■ **Task to carry out**
The goal is an unaltered copy of the records below, minus any images.

▶

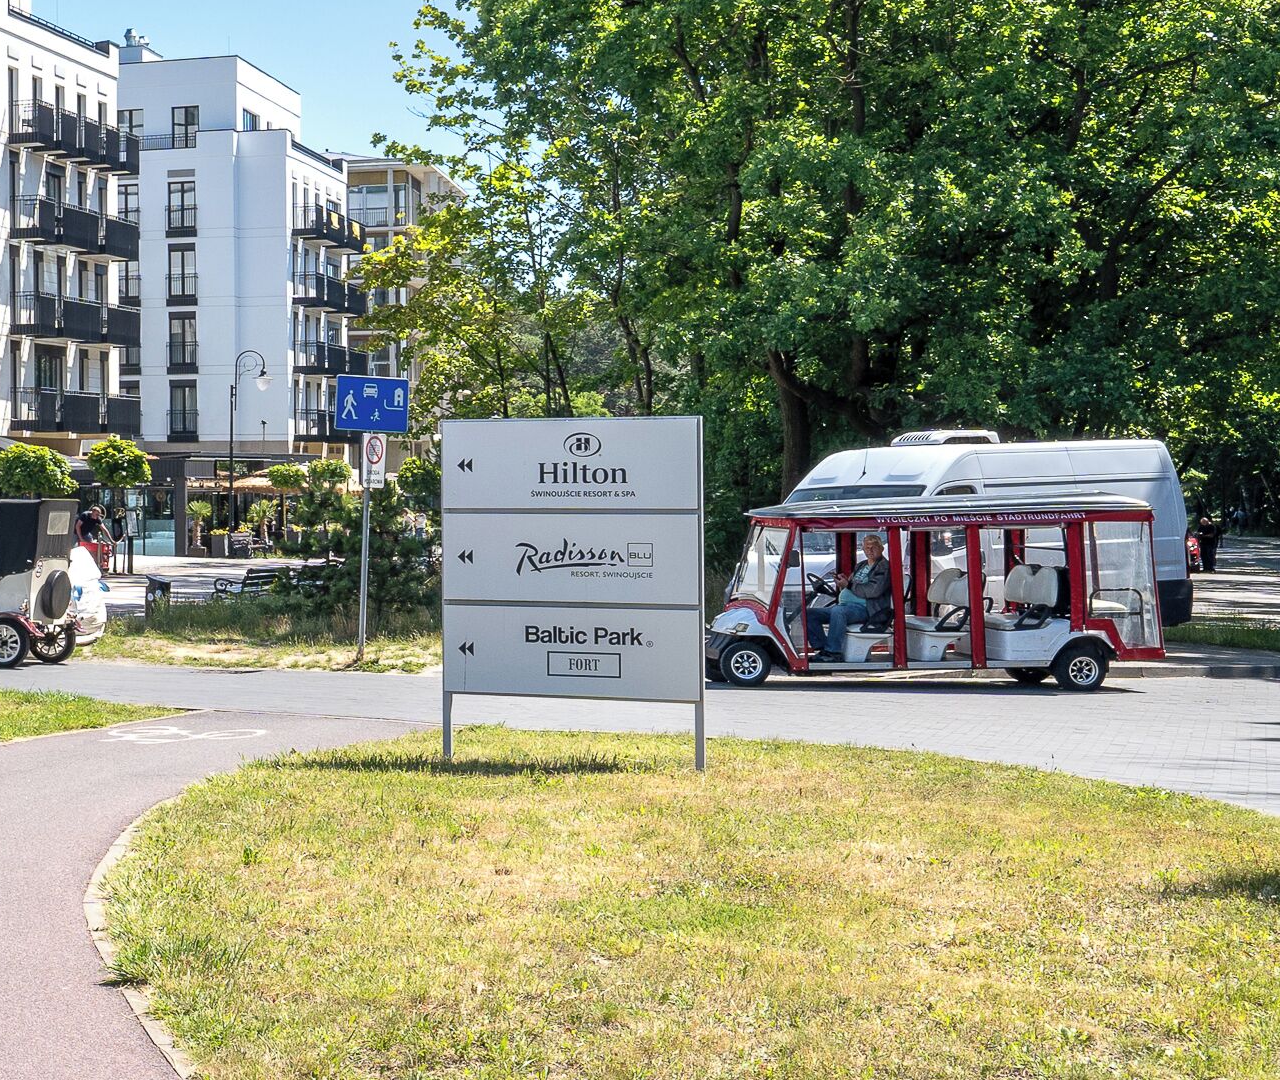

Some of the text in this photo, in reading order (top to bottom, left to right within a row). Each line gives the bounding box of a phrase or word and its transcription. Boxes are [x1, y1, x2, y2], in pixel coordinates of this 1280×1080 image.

[538, 461, 629, 485] Hilton
[530, 489, 636, 498] ŚWINOUJŚCIE RESORT & SPA
[876, 516, 930, 524] WYCIECZKI
[953, 513, 992, 522] MIEŚCIE
[996, 511, 1087, 521] STADTRUNDFAHRT
[515, 538, 625, 576] Radisson
[525, 625, 588, 645] Baltic
[568, 658, 601, 672] FORT
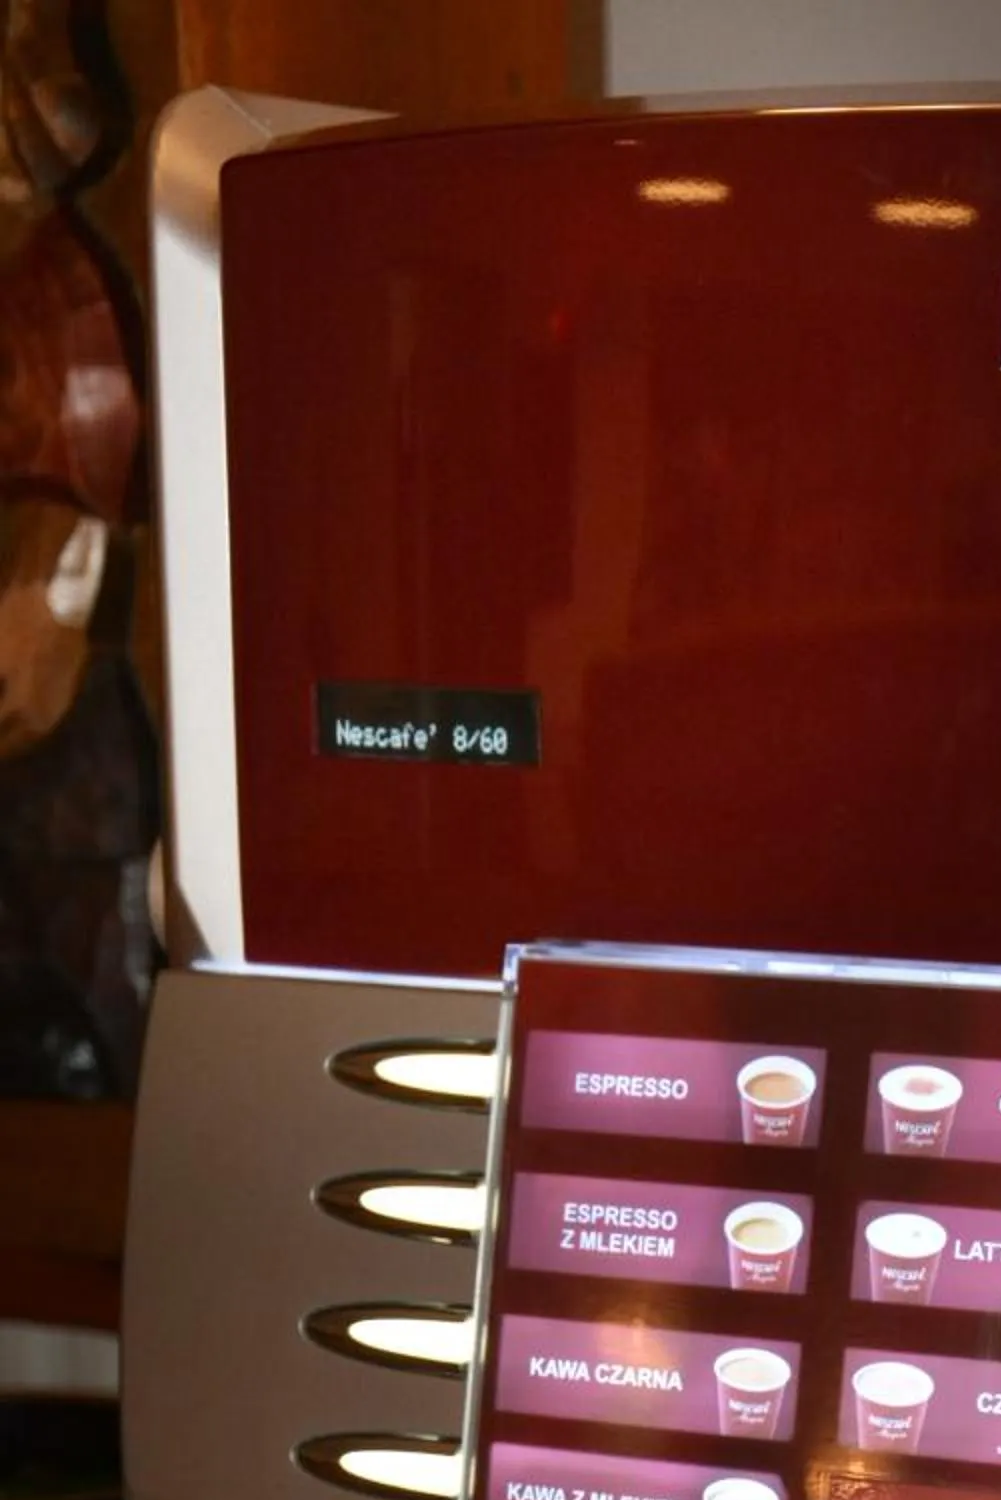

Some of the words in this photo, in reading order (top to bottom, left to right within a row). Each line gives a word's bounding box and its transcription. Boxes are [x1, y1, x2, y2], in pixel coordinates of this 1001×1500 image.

[453, 724, 509, 756] 8/60
[574, 1072, 689, 1100] ESPRESSO
[563, 1202, 678, 1231] ESPRESSO
[560, 1229, 575, 1249] Z
[579, 1230, 675, 1257] MLEKIEM
[529, 1357, 590, 1382] KAWA
[595, 1363, 684, 1392] CZARNA
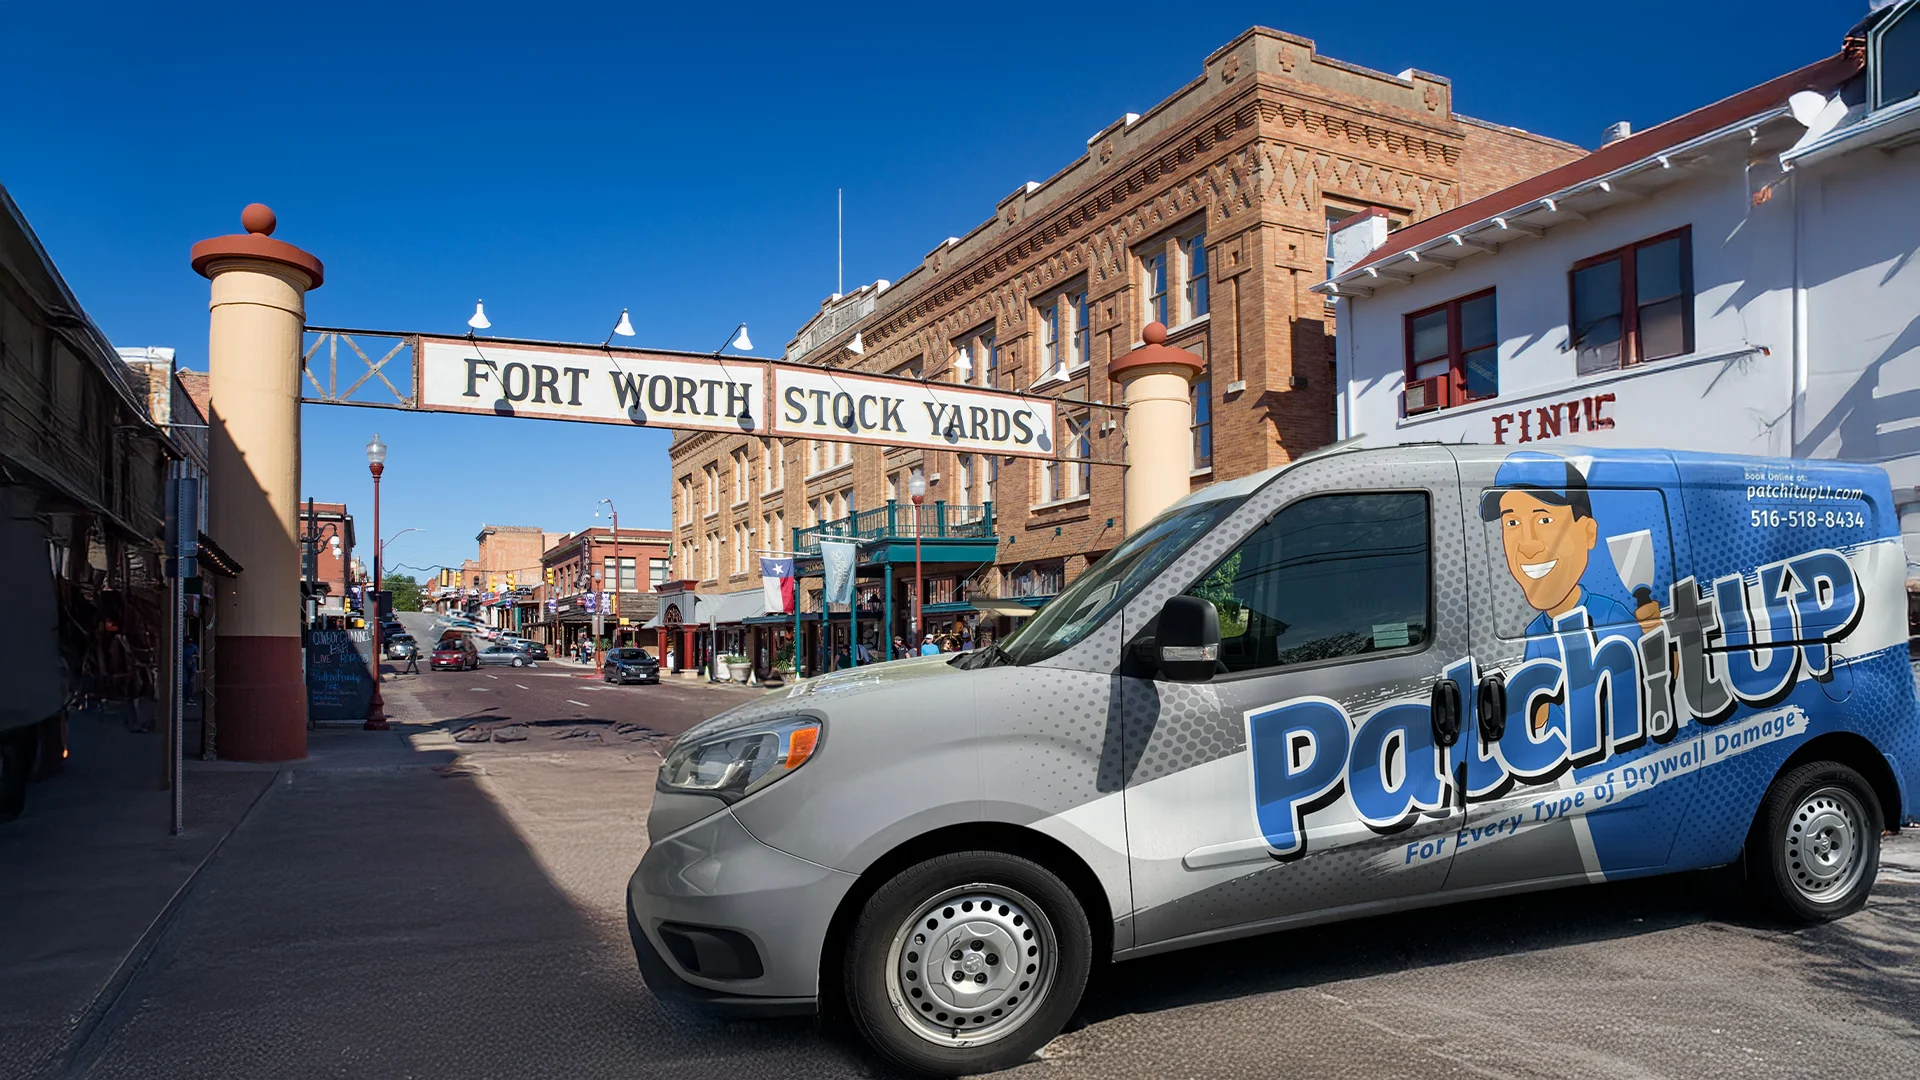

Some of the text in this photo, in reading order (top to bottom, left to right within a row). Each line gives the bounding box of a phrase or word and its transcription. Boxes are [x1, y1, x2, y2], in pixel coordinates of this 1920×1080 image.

[462, 358, 1034, 444] FORT WORTH STOCK YARDS
[1750, 508, 1865, 528] 516-518-8434
[1405, 711, 1796, 865] For Every Type of Drywall Damage

◀

■ **Answer below**
Some of the text in this photo, in reading order (top to bottom, left to right within a row). Each line gives the bounding box of a phrase or word and its transcription. Boxes are [x1, y1, x2, y2], in pixel coordinates of this 1280×1080 image.

[538, 461, 629, 485] Hilton
[530, 489, 636, 498] ŚWINOUJŚCIE RESORT & SPA
[876, 516, 930, 524] WYCIECZKI
[953, 513, 992, 522] MIEŚCIE
[996, 511, 1087, 521] STADTRUNDFAHRT
[515, 538, 625, 576] Radisson
[525, 625, 588, 645] Baltic
[568, 658, 601, 672] FORT

Some of the words in this photo, in reading order (top to bottom, left to right within a row). Each line gives a word's bounding box and its transcription. Boxes are [x1, y1, x2, y2], in pixel coordinates of this 1001×1500 image.

[453, 724, 509, 756] 8/60
[574, 1072, 689, 1100] ESPRESSO
[563, 1202, 678, 1231] ESPRESSO
[560, 1229, 575, 1249] Z
[579, 1230, 675, 1257] MLEKIEM
[529, 1357, 590, 1382] KAWA
[595, 1363, 684, 1392] CZARNA

Some of the text in this photo, in reading order (top to bottom, left to right within a row). Each line gives the bounding box of a phrase or word and its transcription. Boxes are [x1, y1, x2, y2], in pixel coordinates of this 1920×1080 image.

[462, 358, 1034, 444] FORT WORTH STOCK YARDS
[1750, 508, 1865, 528] 516-518-8434
[1405, 711, 1796, 865] For Every Type of Drywall Damage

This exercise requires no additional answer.